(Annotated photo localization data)
*** Begin section ***
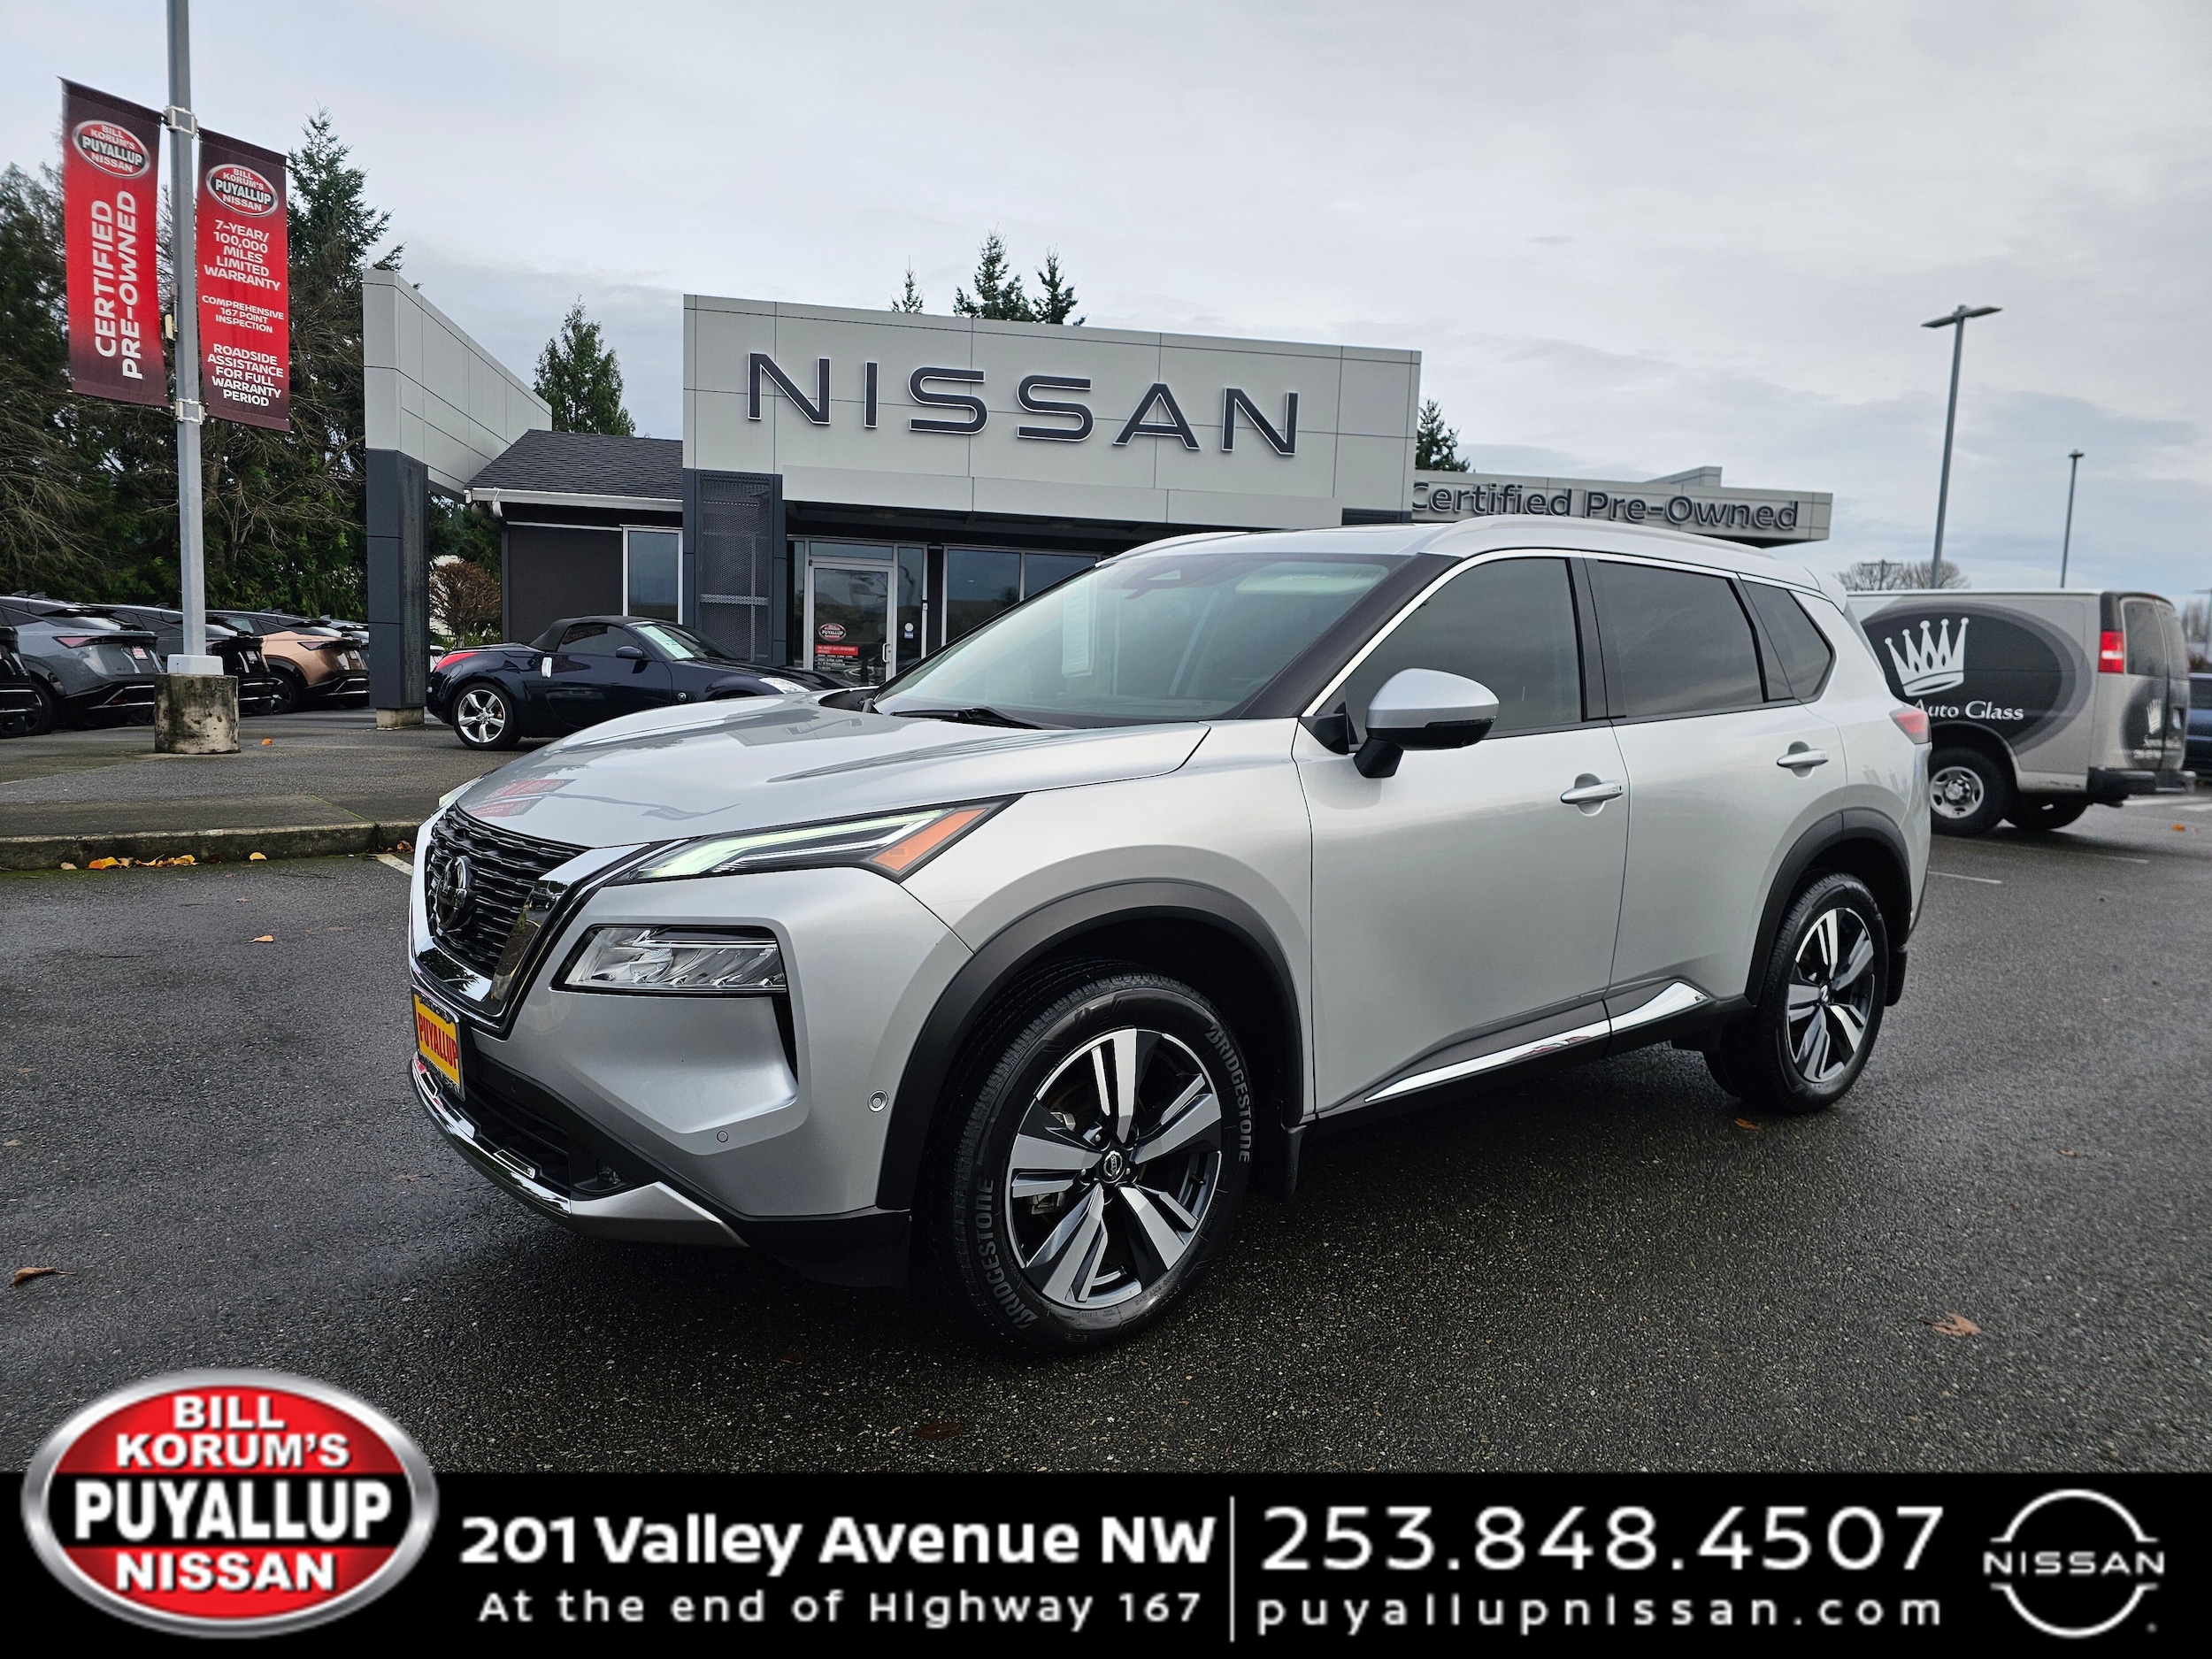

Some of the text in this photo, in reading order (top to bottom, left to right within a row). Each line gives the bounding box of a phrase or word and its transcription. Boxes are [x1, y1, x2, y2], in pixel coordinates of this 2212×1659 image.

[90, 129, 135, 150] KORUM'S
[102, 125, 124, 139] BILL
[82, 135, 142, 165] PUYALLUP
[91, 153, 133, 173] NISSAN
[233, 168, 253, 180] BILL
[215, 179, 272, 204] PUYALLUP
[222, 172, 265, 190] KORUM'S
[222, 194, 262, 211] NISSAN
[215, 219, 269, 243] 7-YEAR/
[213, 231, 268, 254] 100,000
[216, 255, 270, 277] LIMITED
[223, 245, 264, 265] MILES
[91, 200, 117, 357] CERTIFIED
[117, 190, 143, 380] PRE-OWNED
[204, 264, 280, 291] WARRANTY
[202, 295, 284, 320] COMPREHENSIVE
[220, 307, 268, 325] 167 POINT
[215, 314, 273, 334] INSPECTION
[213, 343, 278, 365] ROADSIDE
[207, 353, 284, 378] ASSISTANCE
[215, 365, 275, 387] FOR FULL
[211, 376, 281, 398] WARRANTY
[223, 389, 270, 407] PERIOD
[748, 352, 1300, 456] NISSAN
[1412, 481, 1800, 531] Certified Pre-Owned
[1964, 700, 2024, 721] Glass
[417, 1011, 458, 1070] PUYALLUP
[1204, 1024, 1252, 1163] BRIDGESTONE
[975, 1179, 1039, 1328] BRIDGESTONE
*** End section ***
_What you should do_:
Every line above goes into your copy exactly; no images go in.

_The answer_:
Some of the text in this photo, in reading order (top to bottom, left to right within a row). Each line gives the bounding box of a phrase or word and its transcription. Boxes are [x1, y1, x2, y2], in pixel coordinates of this 2212×1659 image.

[90, 129, 135, 150] KORUM'S
[102, 125, 124, 139] BILL
[82, 135, 142, 165] PUYALLUP
[91, 153, 133, 173] NISSAN
[233, 168, 253, 180] BILL
[215, 179, 272, 204] PUYALLUP
[222, 172, 265, 190] KORUM'S
[222, 194, 262, 211] NISSAN
[215, 219, 269, 243] 7-YEAR/
[213, 231, 268, 254] 100,000
[216, 255, 270, 277] LIMITED
[223, 245, 264, 265] MILES
[91, 200, 117, 357] CERTIFIED
[117, 190, 143, 380] PRE-OWNED
[204, 264, 280, 291] WARRANTY
[202, 295, 284, 320] COMPREHENSIVE
[220, 307, 268, 325] 167 POINT
[215, 314, 273, 334] INSPECTION
[213, 343, 278, 365] ROADSIDE
[207, 353, 284, 378] ASSISTANCE
[215, 365, 275, 387] FOR FULL
[211, 376, 281, 398] WARRANTY
[223, 389, 270, 407] PERIOD
[748, 352, 1300, 456] NISSAN
[1412, 481, 1800, 531] Certified Pre-Owned
[1964, 700, 2024, 721] Glass
[417, 1011, 458, 1070] PUYALLUP
[1204, 1024, 1252, 1163] BRIDGESTONE
[975, 1179, 1039, 1328] BRIDGESTONE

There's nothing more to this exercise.